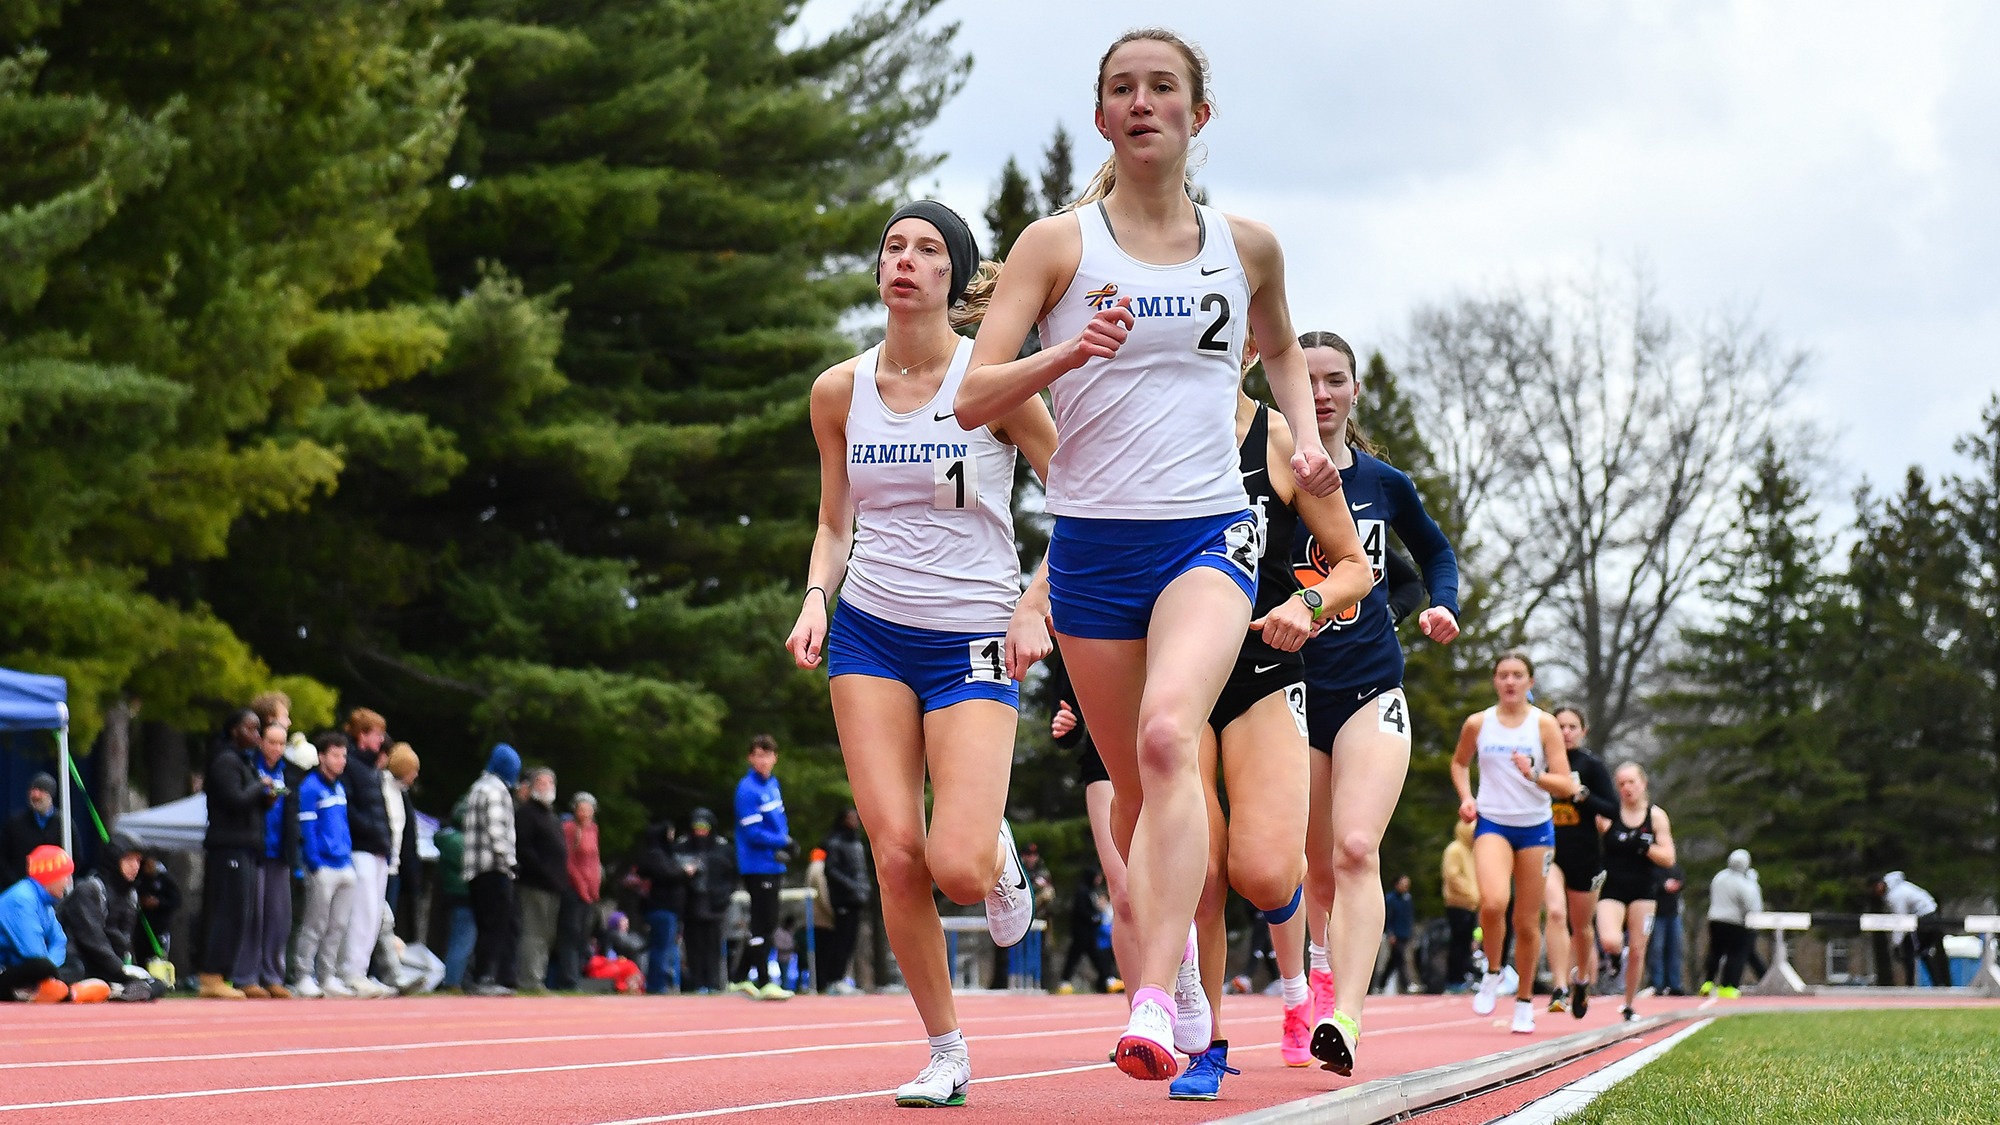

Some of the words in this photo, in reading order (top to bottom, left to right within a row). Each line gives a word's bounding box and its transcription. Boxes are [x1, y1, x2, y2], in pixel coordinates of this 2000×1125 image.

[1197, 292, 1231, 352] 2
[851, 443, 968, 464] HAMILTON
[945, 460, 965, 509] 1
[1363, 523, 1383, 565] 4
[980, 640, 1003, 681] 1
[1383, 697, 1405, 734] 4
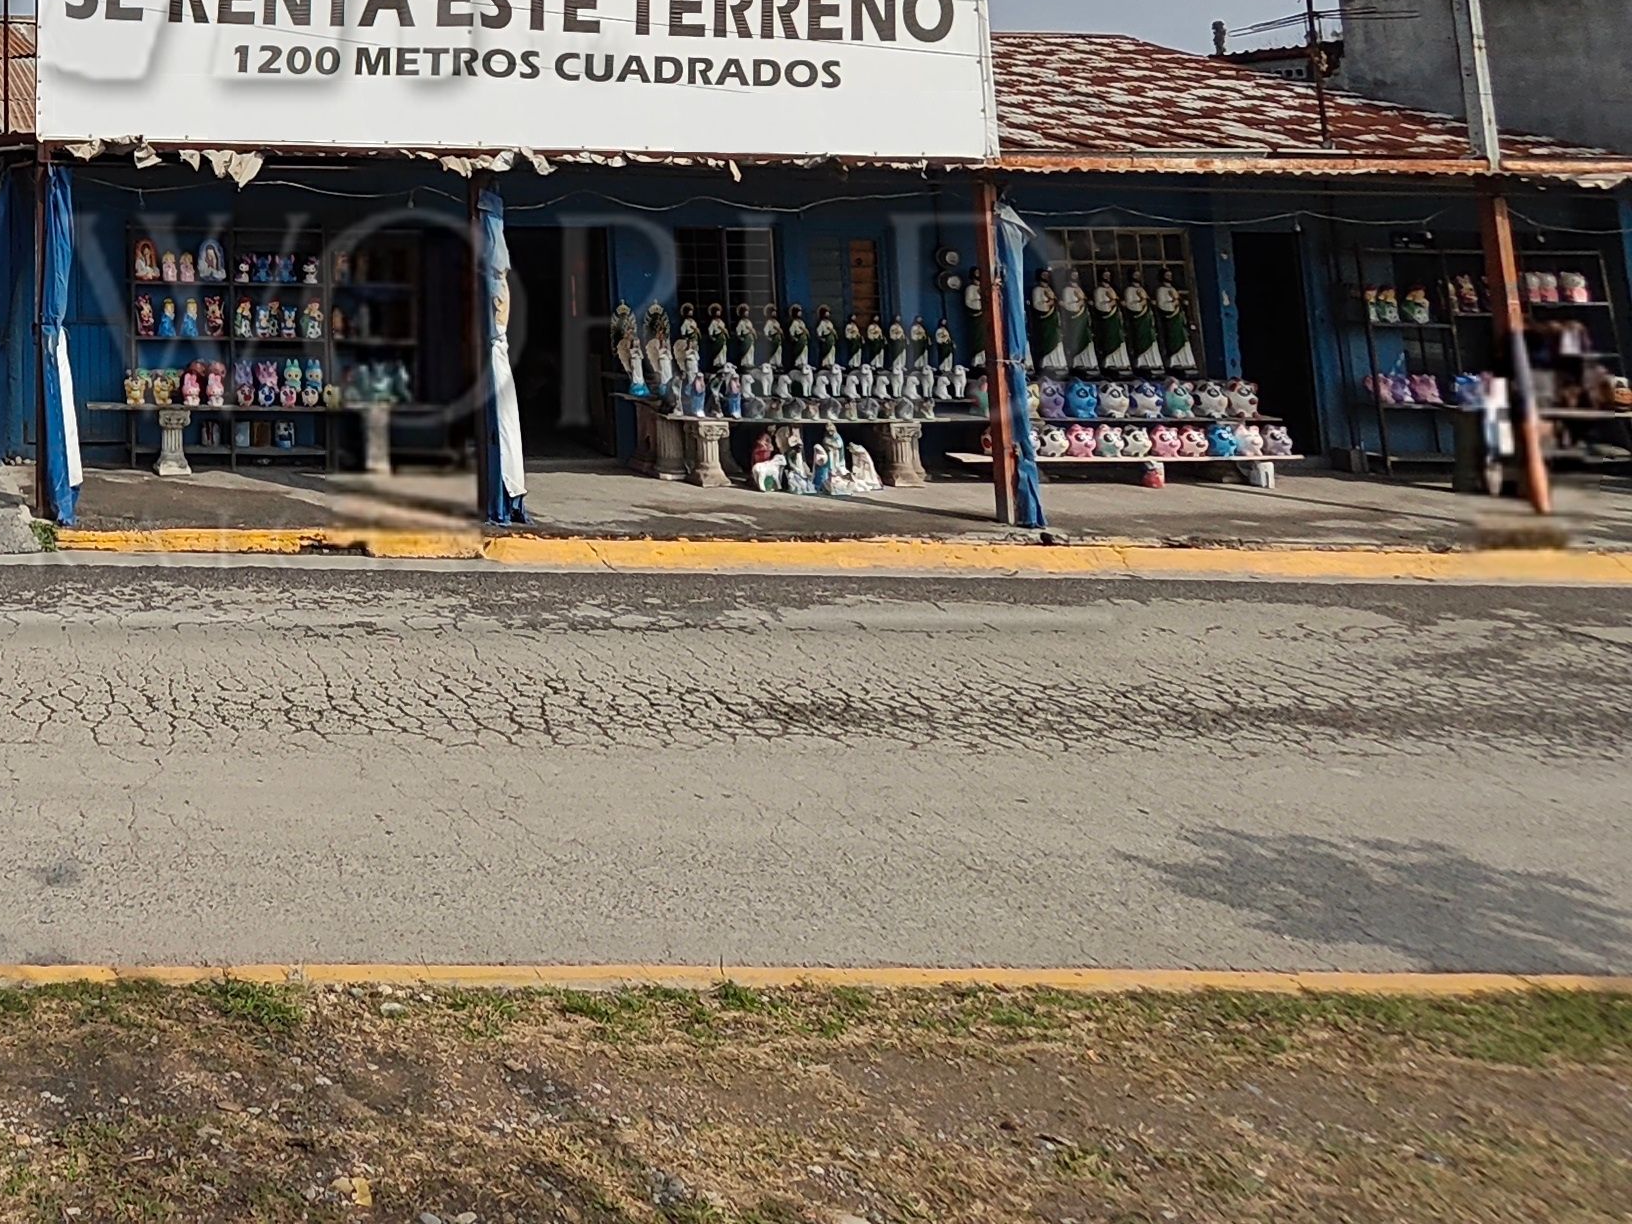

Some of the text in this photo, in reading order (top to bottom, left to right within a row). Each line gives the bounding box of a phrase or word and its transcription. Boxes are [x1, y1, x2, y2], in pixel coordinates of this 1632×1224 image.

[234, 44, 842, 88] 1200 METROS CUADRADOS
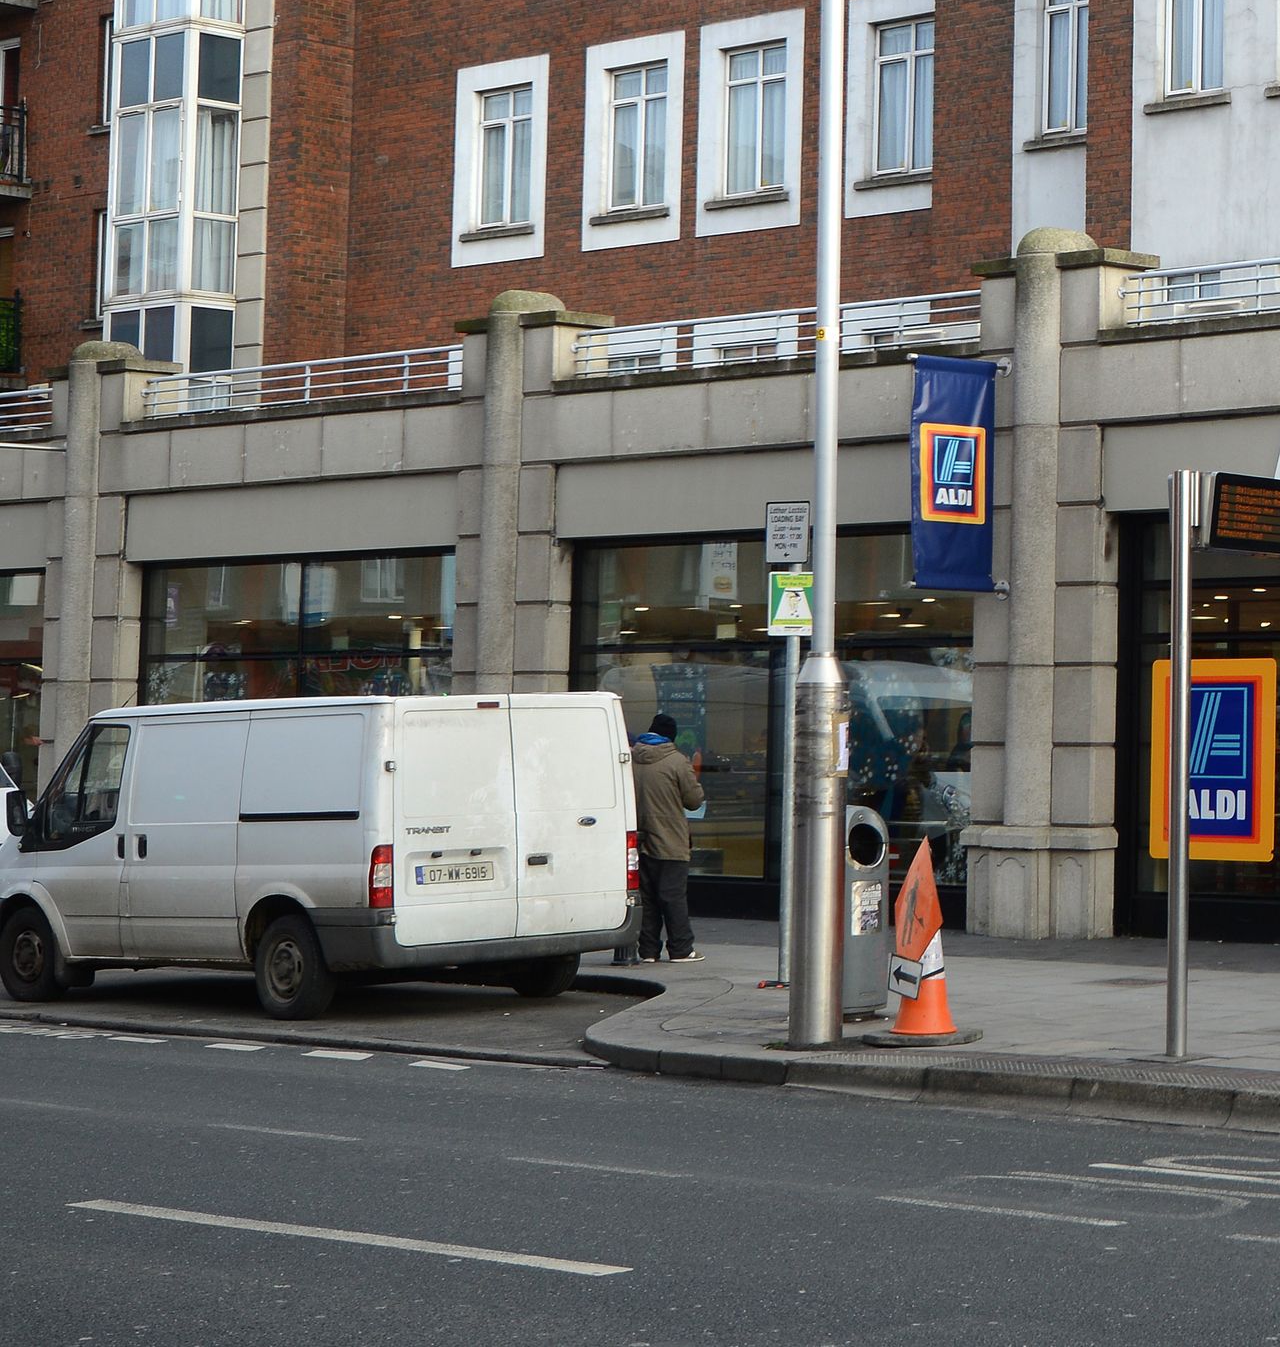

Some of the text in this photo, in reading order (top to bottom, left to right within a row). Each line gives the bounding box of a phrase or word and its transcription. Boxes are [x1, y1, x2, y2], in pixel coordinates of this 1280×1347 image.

# Problem to work on
The copy must begin at the line containing "this 1632×1224 image." and end at the last line of the data above, with every line retyped exactly and no pictures included.

# Answer space
Some of the text in this photo, in reading order (top to bottom, left to right within a row). Each line gives the bounding box of a phrase or word and its transcription. Boxes are [x1, y1, x2, y2], in pixel coordinates of this 1632×1224 image.

[234, 44, 842, 88] 1200 METROS CUADRADOS

Some of the text in this photo, in reading order (top to bottom, left to right within a row). Each line gives the bounding box of a phrase or word and its transcription. Boxes are [x1, y1, x2, y2], in pixel coordinates of this 1280×1347 image.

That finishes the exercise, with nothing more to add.